Newsgroups: biz.comp,biz.jobs.offered,bln.comp.unix,comp.emacs,comp.ibm,comp.jobs,comp.jobs.offered,comp.lang.awk,comp.lang.c,comp.lang.c++,comp.object,comp.org.acm,comp.org.ieee,comp.os.linux,comp.os.minix,comp.os.unix,comp.programming,comp.programm
Path: euryale.cc.adfa.oz.au!newshost.carno.net.au!harbinger.cc.monash.edu.au!munnari.OZ.AU!spool.mu.edu!newspump.sol.net!www.nntp.primenet.com!nntp.primenet.com!netcom.com!nagle
From: nagle@netcom.com (John Nagle)
Subject: Re: + + If you can answer this, do I have a job for you !!!
Message-ID: <nagleE224EH.G1@netcom.com>
Organization: NETCOM On-line Communication Services (408 261-4700 guest)
References: <01bbe2c5$83e861e0$238303c7@business.blogic.com>
Date: Sat, 7 Dec 1996 18:51:53 GMT
Lines: 44
Sender: nagle@netcom6.netcom.com
Xref: euryale.cc.adfa.oz.au biz.jobs.offered:676176 comp.emacs:32212 comp.lang.awk:3515 comp.lang.c:177679 comp.lang.c++:204955 comp.object:51315 comp.org.acm:4187 comp.org.ieee:3935 comp.os.minix:27260 comp.programming:33583

"Stephen Wood" <swood@blogic.com> writes:
>Given that you have 500,000 integers in no particular order. 
>You want to retrieve the 11 highest values.
>How would you design you algorithm?
>What if it were the 5 highest values?  the 500 highest values?
>How do you know what to do?
>Thanks,
>Stephen Wood
>Business Logic, Inc.
>question@blogic.com   

     Who is this bozo?  There is no "blogic.com".

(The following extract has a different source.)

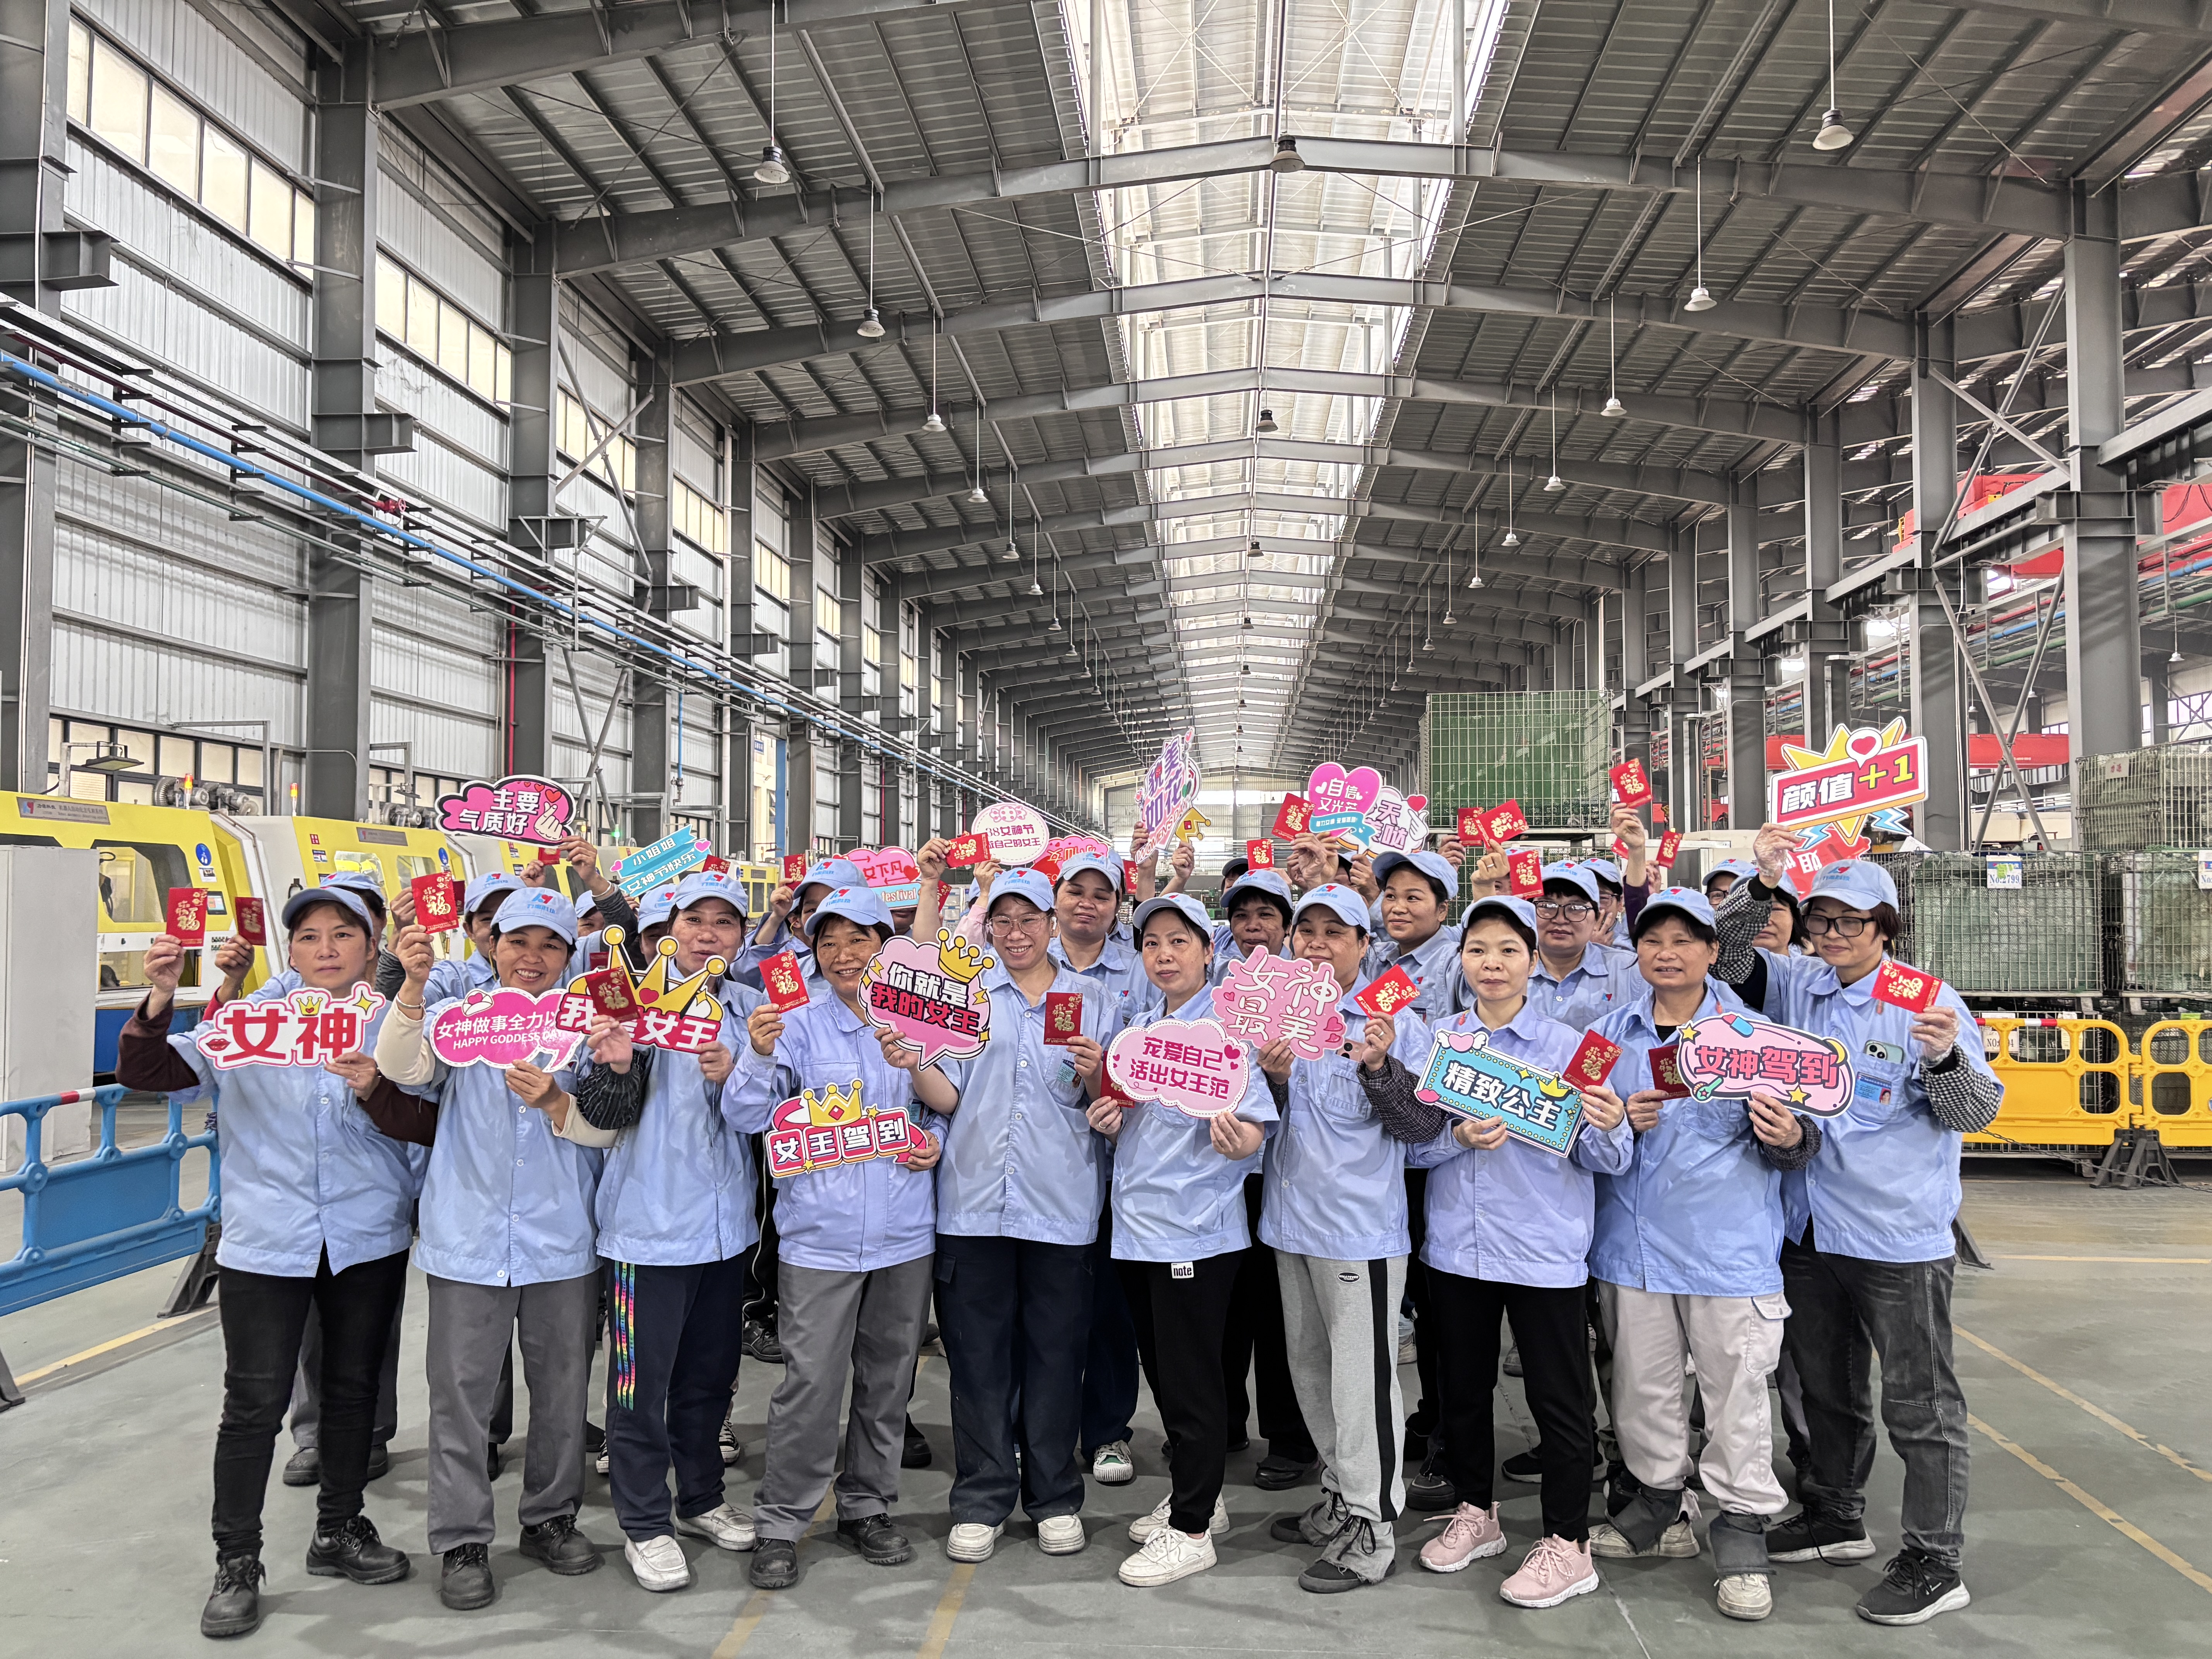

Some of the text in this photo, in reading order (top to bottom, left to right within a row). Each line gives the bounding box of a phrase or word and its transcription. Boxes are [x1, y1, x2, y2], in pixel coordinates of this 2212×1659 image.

     This sounds like someone's homework assignment.

     Hint: If you wanted to find the single highest value, a linear
search would work, and would take O(n) time.  If you wanted to sort
the whole list, that would take longer, O(n log n) is typical, although
there are better algorithms.  If you only need a few values, a search
which maintains a pool of the N highest values will beat a sort.
But as N increases, the cost per test will increase, and for some N,
sorting will win. 

     For medium-sized values of N, ones that are not small relative to
the size of the data set, the problem is interesting, and you could 
develop specialized tree algorithms for that specific purpose.  If
the data set is too big to keep in memory, but the N highest values
would fit, that might actually be worth the trouble, since you could
avoid reading in the data more than once.

     If you really wanted to do this on a very large, well-shuffled
data set, a good approach might be to read in a small sample of the data,
sort it, extract the N highest values, and use the lowest value as
a cutoff point.  Then make one pass over the data
set, keeping everything above the cutoff.  When the kept data pool gets too
large, sort it, toss the low values, and raise the cutoff.  
Finally sort the kept data and extract the N highest values.  
This is fast, easy to code, scalable to very large data sets, suitable
for a wide range of values of N, potentially parallelizable, and 
uses existing sort routines.

     Anybody find out who the original poster was yet?

					John Nagle